▸ EXERCISE BRIEF
A verbatim printing of the entries that follow is needed; pictures must not appear in it.

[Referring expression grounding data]
# # #
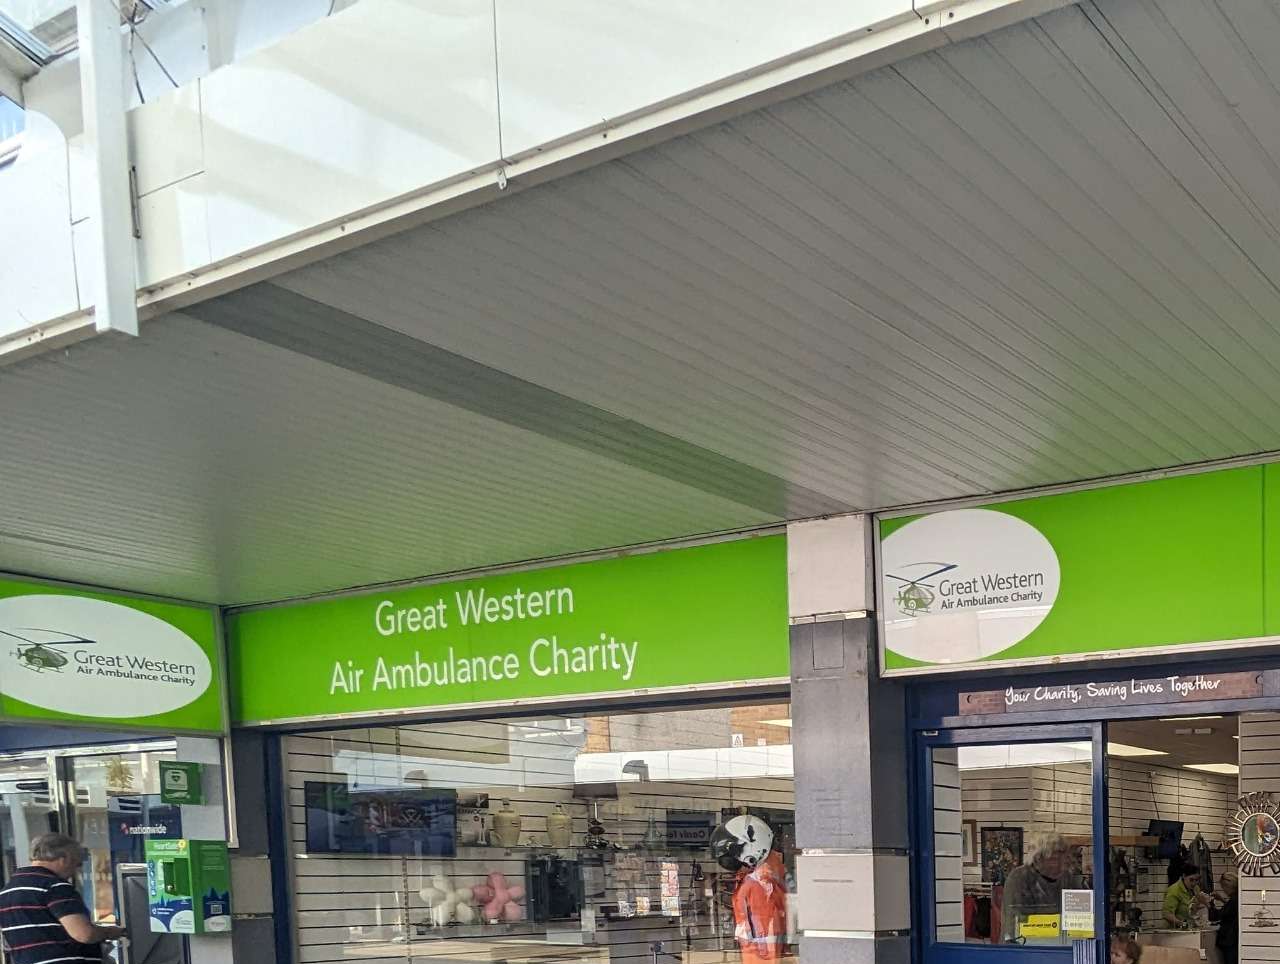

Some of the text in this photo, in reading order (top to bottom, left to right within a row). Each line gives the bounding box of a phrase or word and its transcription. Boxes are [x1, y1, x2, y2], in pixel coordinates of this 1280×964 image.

[940, 572, 1044, 597] Great Western
[375, 585, 574, 635] Great Western
[940, 590, 1043, 609] Air Ambulance Charity
[74, 650, 196, 676] Great Western
[330, 633, 638, 695] Air Ambulance Charity
[76, 665, 196, 687] Air Ambulance Charity
[1004, 675, 1221, 705] Your Charity, Saving Lives Together
[129, 824, 167, 834] nationwide
# # #
▸ WRITTEN RESPONSE
Some of the text in this photo, in reading order (top to bottom, left to right within a row). Each line gives the bounding box of a phrase or word and its transcription. Boxes are [x1, y1, x2, y2], in pixel coordinates of this 1280×964 image.

[940, 572, 1044, 597] Great Western
[375, 585, 574, 635] Great Western
[940, 590, 1043, 609] Air Ambulance Charity
[74, 650, 196, 676] Great Western
[330, 633, 638, 695] Air Ambulance Charity
[76, 665, 196, 687] Air Ambulance Charity
[1004, 675, 1221, 705] Your Charity, Saving Lives Together
[129, 824, 167, 834] nationwide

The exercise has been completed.